J. Crew catalogs always have remarkably sophisticated color palettes. Even those I don’t care for I have to admit are well designed. And at the end of every section there is always a photo of a stack of folded clothes that is a perfect color swatch for the collection. Photographer unknown.

It always baffles me when people talk about the cinematographer’s job in terms of cameras. In my mind the essence of the work lies not in the tools, but in creative leadership: the ability to take the raw idea for a project, grow its potential, define its goals, develop its visual architecture, and assemble a team that can execute it with the time and resources available. The most important aspect of this process isn’t production, but all the research that goes into figuring out what exactly the director and producer want, and then helping them take that vision to the next level. At its essence, creating strong motion picture work is fundamentally a design challenge.

I continuously collect reference material to help with this process. Photographs, magazine ads, paintings, films, poems, quotes, pieces of music––there are no parameters on what can be included. The goal is not to collect only images that I like, of course, but rather examples of well-executed styles from across the spectrum. When the objective is to create an experience for the viewer, an image-based vocabulary is often the easiest way to communicate about the project. I like waiting for doctor appointments because it gives me a chance to plunder the stacks of magazines in the lobby for material (I have an entire three-ring binder dedicated to images that use lens flare). Interestingly, the most impressive material in the collection is usually in hardcopy.

Some samples, in color, from the vaults:

A still from Terrence Malick’s “Days of Heaven,” shot by the late great Nestor Almendros. It’s always a bit tricky showing the client reference images from one of the most well-photographed films in history, but Almendros’ work is too important for me to ignore. His twilight work in particular is unmatched.

Composition, contrast, and color that create feelings of emptiness and vacancy on so many levels. From photographer Nich Hance McElroy.

Superb quiet energy from photographer Chikara Umihara. Films with this kind of tranquil but powerful tempo are an art form unto themselves.
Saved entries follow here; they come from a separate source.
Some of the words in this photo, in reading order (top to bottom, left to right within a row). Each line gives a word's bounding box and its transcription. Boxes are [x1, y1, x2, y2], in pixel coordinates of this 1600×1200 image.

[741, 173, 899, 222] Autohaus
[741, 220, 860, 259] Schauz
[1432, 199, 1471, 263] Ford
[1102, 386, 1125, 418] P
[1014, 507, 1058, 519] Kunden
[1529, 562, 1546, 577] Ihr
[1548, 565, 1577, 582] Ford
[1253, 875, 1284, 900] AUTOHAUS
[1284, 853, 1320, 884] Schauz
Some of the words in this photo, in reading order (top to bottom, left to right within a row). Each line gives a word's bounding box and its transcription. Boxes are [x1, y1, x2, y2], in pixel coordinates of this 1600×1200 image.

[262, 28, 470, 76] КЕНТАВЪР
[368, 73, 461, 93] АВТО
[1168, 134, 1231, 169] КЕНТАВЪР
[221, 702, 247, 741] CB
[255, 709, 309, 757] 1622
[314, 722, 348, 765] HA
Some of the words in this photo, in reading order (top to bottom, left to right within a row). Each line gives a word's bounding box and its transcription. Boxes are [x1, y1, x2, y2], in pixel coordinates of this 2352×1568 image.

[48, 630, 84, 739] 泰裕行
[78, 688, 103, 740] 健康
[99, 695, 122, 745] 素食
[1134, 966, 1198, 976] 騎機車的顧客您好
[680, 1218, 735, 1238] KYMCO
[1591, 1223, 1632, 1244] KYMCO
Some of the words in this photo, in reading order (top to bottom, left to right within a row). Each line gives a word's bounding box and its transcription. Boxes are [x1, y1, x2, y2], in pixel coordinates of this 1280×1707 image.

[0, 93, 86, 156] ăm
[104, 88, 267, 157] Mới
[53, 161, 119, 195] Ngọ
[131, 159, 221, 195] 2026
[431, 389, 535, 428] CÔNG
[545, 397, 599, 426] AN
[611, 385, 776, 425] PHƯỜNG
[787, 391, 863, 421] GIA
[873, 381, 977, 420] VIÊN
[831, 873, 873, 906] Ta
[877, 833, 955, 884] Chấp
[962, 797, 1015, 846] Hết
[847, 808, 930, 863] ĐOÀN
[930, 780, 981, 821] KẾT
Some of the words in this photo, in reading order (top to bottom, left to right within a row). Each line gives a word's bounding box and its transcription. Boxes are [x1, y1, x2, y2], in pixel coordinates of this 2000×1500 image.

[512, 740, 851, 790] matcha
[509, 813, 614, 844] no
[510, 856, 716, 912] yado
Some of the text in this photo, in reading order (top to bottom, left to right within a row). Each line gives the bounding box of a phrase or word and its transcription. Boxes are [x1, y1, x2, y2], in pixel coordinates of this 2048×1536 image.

From a Vogue spread by renowned fashion photographer Patrick Demarchelier. Images like these are far more complex than they first appear, and their success photographically requires the help of a skilled production designer (and costumer). In my experience, the effect is difficult to fully achieve outside of large-format photography. A formidable challenge for the cinematographer.

Color that evokes nostalgia from photographer Maria Sardari.

Seductive colors and chiarascuro by photographer Guerorgui Pinkhassov. Images like these remind us how horrific most American television lighting really is.

A polaroid by the brilliant Soviet director Andrei Tarkovsky.

From photographer Marvi Lakar.

Superb use of contrast, both in lighting and composition. From the New York Times. Photographer unknown.

Provenance unknown.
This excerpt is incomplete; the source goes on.